Assignment: Lines before the one with "this 1800×1265 image." are left out; return that line and all that follow it, exactly, through the end of the data.

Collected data
# # # # # # #

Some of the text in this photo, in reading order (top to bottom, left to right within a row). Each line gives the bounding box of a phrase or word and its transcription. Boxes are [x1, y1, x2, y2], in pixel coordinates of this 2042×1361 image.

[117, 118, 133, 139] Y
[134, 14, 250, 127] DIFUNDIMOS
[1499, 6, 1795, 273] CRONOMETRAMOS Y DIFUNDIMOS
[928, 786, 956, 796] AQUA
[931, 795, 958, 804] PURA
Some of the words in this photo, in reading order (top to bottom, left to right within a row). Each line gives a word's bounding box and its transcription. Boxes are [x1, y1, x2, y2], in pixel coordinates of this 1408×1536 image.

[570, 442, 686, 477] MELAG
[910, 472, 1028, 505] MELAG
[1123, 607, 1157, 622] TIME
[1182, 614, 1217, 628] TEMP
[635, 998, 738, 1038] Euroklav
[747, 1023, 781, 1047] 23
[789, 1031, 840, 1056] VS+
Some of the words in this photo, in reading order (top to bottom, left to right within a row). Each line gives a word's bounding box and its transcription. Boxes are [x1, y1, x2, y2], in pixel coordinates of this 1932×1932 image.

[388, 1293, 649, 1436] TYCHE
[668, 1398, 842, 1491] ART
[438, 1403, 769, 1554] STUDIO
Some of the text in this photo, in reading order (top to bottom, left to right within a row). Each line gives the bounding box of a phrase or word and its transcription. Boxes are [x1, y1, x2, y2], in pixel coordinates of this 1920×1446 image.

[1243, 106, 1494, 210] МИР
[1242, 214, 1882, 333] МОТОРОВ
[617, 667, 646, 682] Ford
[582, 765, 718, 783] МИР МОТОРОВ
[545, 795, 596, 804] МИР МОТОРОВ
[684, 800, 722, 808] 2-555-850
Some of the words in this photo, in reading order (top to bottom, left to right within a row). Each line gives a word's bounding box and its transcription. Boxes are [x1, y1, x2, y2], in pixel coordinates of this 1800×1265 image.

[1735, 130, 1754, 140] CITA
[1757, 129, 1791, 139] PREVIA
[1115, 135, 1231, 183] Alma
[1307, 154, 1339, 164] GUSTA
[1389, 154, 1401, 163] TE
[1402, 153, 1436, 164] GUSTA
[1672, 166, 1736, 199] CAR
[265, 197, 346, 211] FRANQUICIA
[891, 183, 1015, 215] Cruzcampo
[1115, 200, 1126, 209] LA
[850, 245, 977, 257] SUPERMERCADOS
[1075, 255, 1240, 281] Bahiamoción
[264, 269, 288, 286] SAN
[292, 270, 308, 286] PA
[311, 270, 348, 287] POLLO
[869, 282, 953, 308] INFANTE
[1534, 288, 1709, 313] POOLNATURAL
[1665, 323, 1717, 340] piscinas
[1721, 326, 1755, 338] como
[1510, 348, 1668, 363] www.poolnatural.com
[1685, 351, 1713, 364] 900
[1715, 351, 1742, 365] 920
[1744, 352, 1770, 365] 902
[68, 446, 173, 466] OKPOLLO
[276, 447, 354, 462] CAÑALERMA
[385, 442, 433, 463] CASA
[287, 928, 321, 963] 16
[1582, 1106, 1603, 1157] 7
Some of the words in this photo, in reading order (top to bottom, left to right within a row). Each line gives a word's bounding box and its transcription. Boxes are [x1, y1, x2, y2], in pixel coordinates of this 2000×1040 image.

# # # # # # #

Result:
Some of the words in this photo, in reading order (top to bottom, left to right within a row). Each line gives a word's bounding box and its transcription. Boxes are [x1, y1, x2, y2], in pixel coordinates of this 1800×1265 image.

[1735, 130, 1754, 140] CITA
[1757, 129, 1791, 139] PREVIA
[1115, 135, 1231, 183] Alma
[1307, 154, 1339, 164] GUSTA
[1389, 154, 1401, 163] TE
[1402, 153, 1436, 164] GUSTA
[1672, 166, 1736, 199] CAR
[265, 197, 346, 211] FRANQUICIA
[891, 183, 1015, 215] Cruzcampo
[1115, 200, 1126, 209] LA
[850, 245, 977, 257] SUPERMERCADOS
[1075, 255, 1240, 281] Bahiamoción
[264, 269, 288, 286] SAN
[292, 270, 308, 286] PA
[311, 270, 348, 287] POLLO
[869, 282, 953, 308] INFANTE
[1534, 288, 1709, 313] POOLNATURAL
[1665, 323, 1717, 340] piscinas
[1721, 326, 1755, 338] como
[1510, 348, 1668, 363] www.poolnatural.com
[1685, 351, 1713, 364] 900
[1715, 351, 1742, 365] 920
[1744, 352, 1770, 365] 902
[68, 446, 173, 466] OKPOLLO
[276, 447, 354, 462] CAÑALERMA
[385, 442, 433, 463] CASA
[287, 928, 321, 963] 16
[1582, 1106, 1603, 1157] 7
Some of the words in this photo, in reading order (top to bottom, left to right within a row). Each line gives a word's bounding box and its transcription. Boxes are [x1, y1, x2, y2], in pixel coordinates of this 2000×1040 image.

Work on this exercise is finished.